What to work on -
Could you restate all of the entries, word for word?

[Referring expression grounding data]
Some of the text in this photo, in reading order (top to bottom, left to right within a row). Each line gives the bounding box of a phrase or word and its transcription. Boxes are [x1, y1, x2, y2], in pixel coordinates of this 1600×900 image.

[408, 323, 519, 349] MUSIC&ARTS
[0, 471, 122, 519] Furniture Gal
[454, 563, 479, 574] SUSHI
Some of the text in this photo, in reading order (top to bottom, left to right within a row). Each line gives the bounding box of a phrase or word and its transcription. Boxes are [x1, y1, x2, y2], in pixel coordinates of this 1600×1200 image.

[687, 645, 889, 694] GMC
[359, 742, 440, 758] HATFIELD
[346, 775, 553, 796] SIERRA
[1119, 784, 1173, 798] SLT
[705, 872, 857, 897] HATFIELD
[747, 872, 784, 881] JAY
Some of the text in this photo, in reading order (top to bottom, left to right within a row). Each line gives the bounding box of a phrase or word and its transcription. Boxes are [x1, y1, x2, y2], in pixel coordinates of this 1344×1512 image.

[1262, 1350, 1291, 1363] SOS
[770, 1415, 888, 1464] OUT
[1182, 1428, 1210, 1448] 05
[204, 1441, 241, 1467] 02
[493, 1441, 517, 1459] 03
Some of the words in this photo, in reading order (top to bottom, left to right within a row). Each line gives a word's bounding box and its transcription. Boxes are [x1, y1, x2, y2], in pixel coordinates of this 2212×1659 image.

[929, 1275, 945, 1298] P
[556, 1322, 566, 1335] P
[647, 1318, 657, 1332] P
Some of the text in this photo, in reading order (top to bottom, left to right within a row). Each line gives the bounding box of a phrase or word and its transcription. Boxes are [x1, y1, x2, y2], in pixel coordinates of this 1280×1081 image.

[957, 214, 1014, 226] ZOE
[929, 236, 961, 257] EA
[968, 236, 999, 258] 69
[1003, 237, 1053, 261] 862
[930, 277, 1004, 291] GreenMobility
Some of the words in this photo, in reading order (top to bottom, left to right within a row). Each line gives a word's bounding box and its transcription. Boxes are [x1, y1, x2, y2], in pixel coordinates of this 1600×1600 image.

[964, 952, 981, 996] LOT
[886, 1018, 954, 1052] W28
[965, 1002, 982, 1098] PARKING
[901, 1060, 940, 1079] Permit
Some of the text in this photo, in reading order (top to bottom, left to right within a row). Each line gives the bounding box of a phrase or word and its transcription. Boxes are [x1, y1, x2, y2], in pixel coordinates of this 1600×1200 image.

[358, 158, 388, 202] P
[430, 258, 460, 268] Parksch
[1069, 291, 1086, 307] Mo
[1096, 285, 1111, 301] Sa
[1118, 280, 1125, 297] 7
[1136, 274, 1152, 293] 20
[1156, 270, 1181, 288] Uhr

Completed exercise -
Some of the text in this photo, in reading order (top to bottom, left to right within a row). Each line gives the bounding box of a phrase or word and its transcription. Boxes are [x1, y1, x2, y2], in pixel coordinates of this 1600×900 image.

[408, 323, 519, 349] MUSIC&ARTS
[0, 471, 122, 519] Furniture Gal
[454, 563, 479, 574] SUSHI
Some of the text in this photo, in reading order (top to bottom, left to right within a row). Each line gives the bounding box of a phrase or word and its transcription. Boxes are [x1, y1, x2, y2], in pixel coordinates of this 1600×1200 image.

[687, 645, 889, 694] GMC
[359, 742, 440, 758] HATFIELD
[346, 775, 553, 796] SIERRA
[1119, 784, 1173, 798] SLT
[705, 872, 857, 897] HATFIELD
[747, 872, 784, 881] JAY
Some of the text in this photo, in reading order (top to bottom, left to right within a row). Each line gives the bounding box of a phrase or word and its transcription. Boxes are [x1, y1, x2, y2], in pixel coordinates of this 1344×1512 image.

[1262, 1350, 1291, 1363] SOS
[770, 1415, 888, 1464] OUT
[1182, 1428, 1210, 1448] 05
[204, 1441, 241, 1467] 02
[493, 1441, 517, 1459] 03
Some of the words in this photo, in reading order (top to bottom, left to right within a row). Each line gives a word's bounding box and its transcription. Boxes are [x1, y1, x2, y2], in pixel coordinates of this 2212×1659 image.

[929, 1275, 945, 1298] P
[556, 1322, 566, 1335] P
[647, 1318, 657, 1332] P
Some of the text in this photo, in reading order (top to bottom, left to right within a row). Each line gives the bounding box of a phrase or word and its transcription. Boxes are [x1, y1, x2, y2], in pixel coordinates of this 1280×1081 image.

[957, 214, 1014, 226] ZOE
[929, 236, 961, 257] EA
[968, 236, 999, 258] 69
[1003, 237, 1053, 261] 862
[930, 277, 1004, 291] GreenMobility
Some of the words in this photo, in reading order (top to bottom, left to right within a row). Each line gives a word's bounding box and its transcription. Boxes are [x1, y1, x2, y2], in pixel coordinates of this 1600×1600 image.

[964, 952, 981, 996] LOT
[886, 1018, 954, 1052] W28
[965, 1002, 982, 1098] PARKING
[901, 1060, 940, 1079] Permit
Some of the text in this photo, in reading order (top to bottom, left to right within a row). Each line gives the bounding box of a phrase or word and its transcription. Boxes are [x1, y1, x2, y2], in pixel coordinates of this 1600×1200 image.

[358, 158, 388, 202] P
[430, 258, 460, 268] Parksch
[1069, 291, 1086, 307] Mo
[1096, 285, 1111, 301] Sa
[1118, 280, 1125, 297] 7
[1136, 274, 1152, 293] 20
[1156, 270, 1181, 288] Uhr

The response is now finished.